Novo fóssil de conífera com 133 milhões de anos descoberto em Torres Vedras
Uma equipa de investigadores da Faculdade de Ciências e Tecnologia da Universidade de Coimbra identificou uma nova espécie de conífera com cerca de 133 milhões de anos na jazida fossilífera de Vale Cortiço, na região de Torres Vedras. O fóssil remonta ao Cretácico Inferior e corresponde a um cone masculino bem preservado, permitindo aprofundar o conhecimento sobre os ecossistemas e o clima em Portugal há mais de 100 milhões de anos.
O espécime foi classificado como Classostrobus amealensis, nome inspirado na localidade de Ameal, onde foi encontrado. O cone apresenta microsporófilos dispostos em espiral e conserva grãos de pólen do género Classopollis, associados a coníferas extintas da família Cheirolepidiaceae.

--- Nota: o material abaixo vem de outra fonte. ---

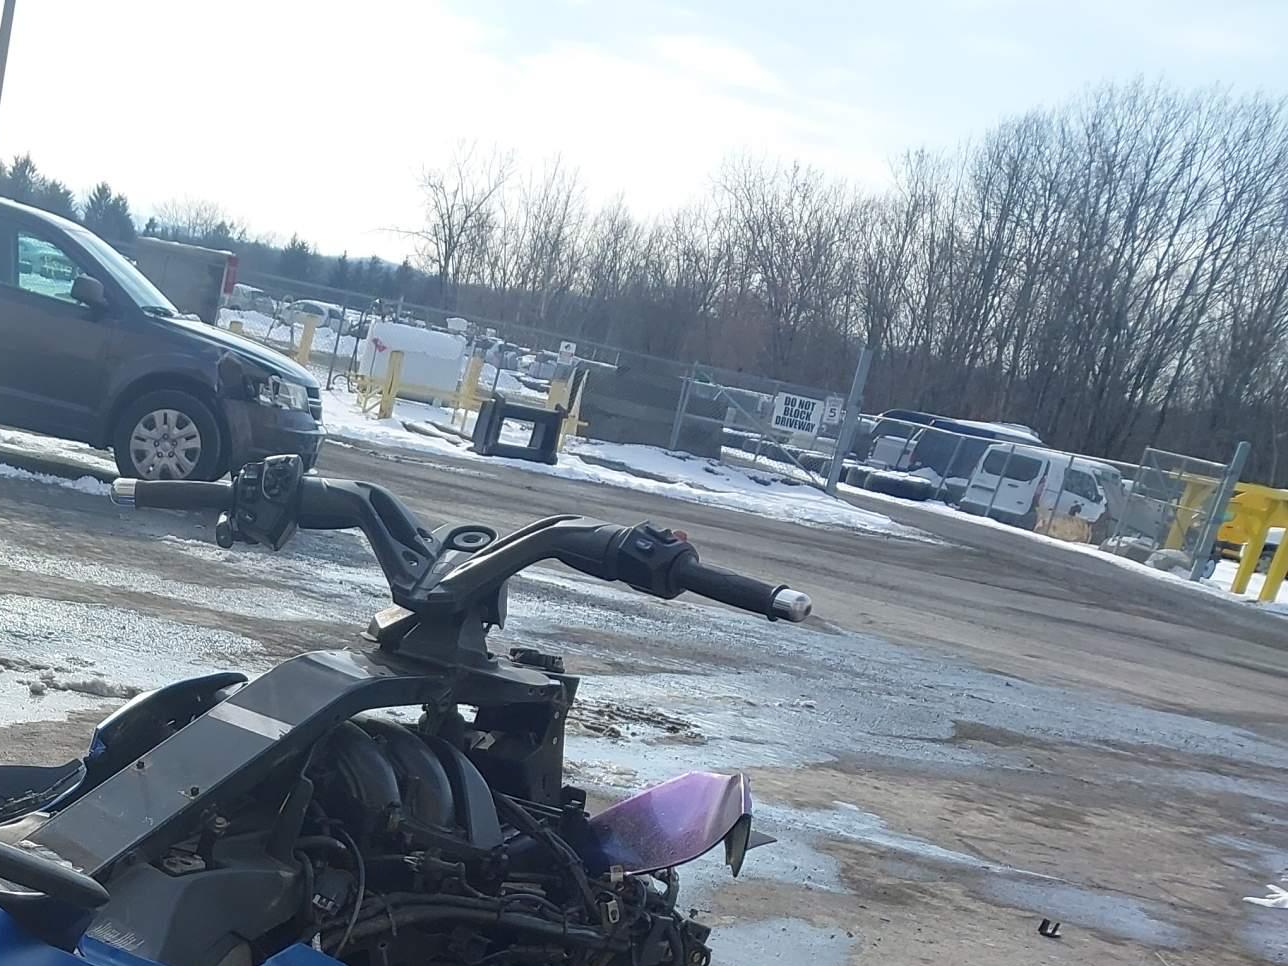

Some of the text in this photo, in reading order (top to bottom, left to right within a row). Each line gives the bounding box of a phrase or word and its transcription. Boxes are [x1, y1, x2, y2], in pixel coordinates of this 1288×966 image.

[784, 396, 797, 407] DO
[798, 399, 816, 412] NOT
[783, 406, 813, 421] BLOCK
[829, 407, 837, 417] 5
[775, 415, 815, 432] DRIVEWAY

Segundo o paleobotânico Mário Miguel Mendes, investigador do Centro de Investigação da Terra e do Espaço da Universidade de Coimbra, estas coníferas são importantes indicadores ambientais. A presença de pólen do género Classopollis está associada a climas quentes e secos, sugerindo que a região de Torres Vedras terá tido condições semiáridas durante o Cretácico.
A flora fossilífera de Vale Cortiço inclui abundantes restos de plantas dos géneros Frenelopsis e Pseudofrenelopsis, que revelam grande capacidade de adaptação a ambientes áridos ou semiáridos. A descoberta do cone masculino acrescenta agora uma nova peça à compreensão destas antigas coníferas, já que até aqui eram conhecidos sobretudo restos vegetativos.
A análise detalhada dos grãos de pólen foi feita com recurso a microscopia eletrónica de transmissão, permitindo identificar a espécie Classopollis martinottii. Os investigadores admitem que o cone agora descrito poderá estar associado à espécie Frenelopsis teixeirae, abundante no mesmo nível fossilífero, embora não tenha sido encontrado ligado a um ramo.
O estudo resulta de uma colaboração internacional que envolveu instituições científicas da Rússia, República Checa e Países Baixos, com financiamento do Centro de Investigação da Terra e do Espaço da Universidade de Coimbra e da Czech Grant Agency.
Os resultados serão publicados na edição de maio da revista científica Cretaceous Research.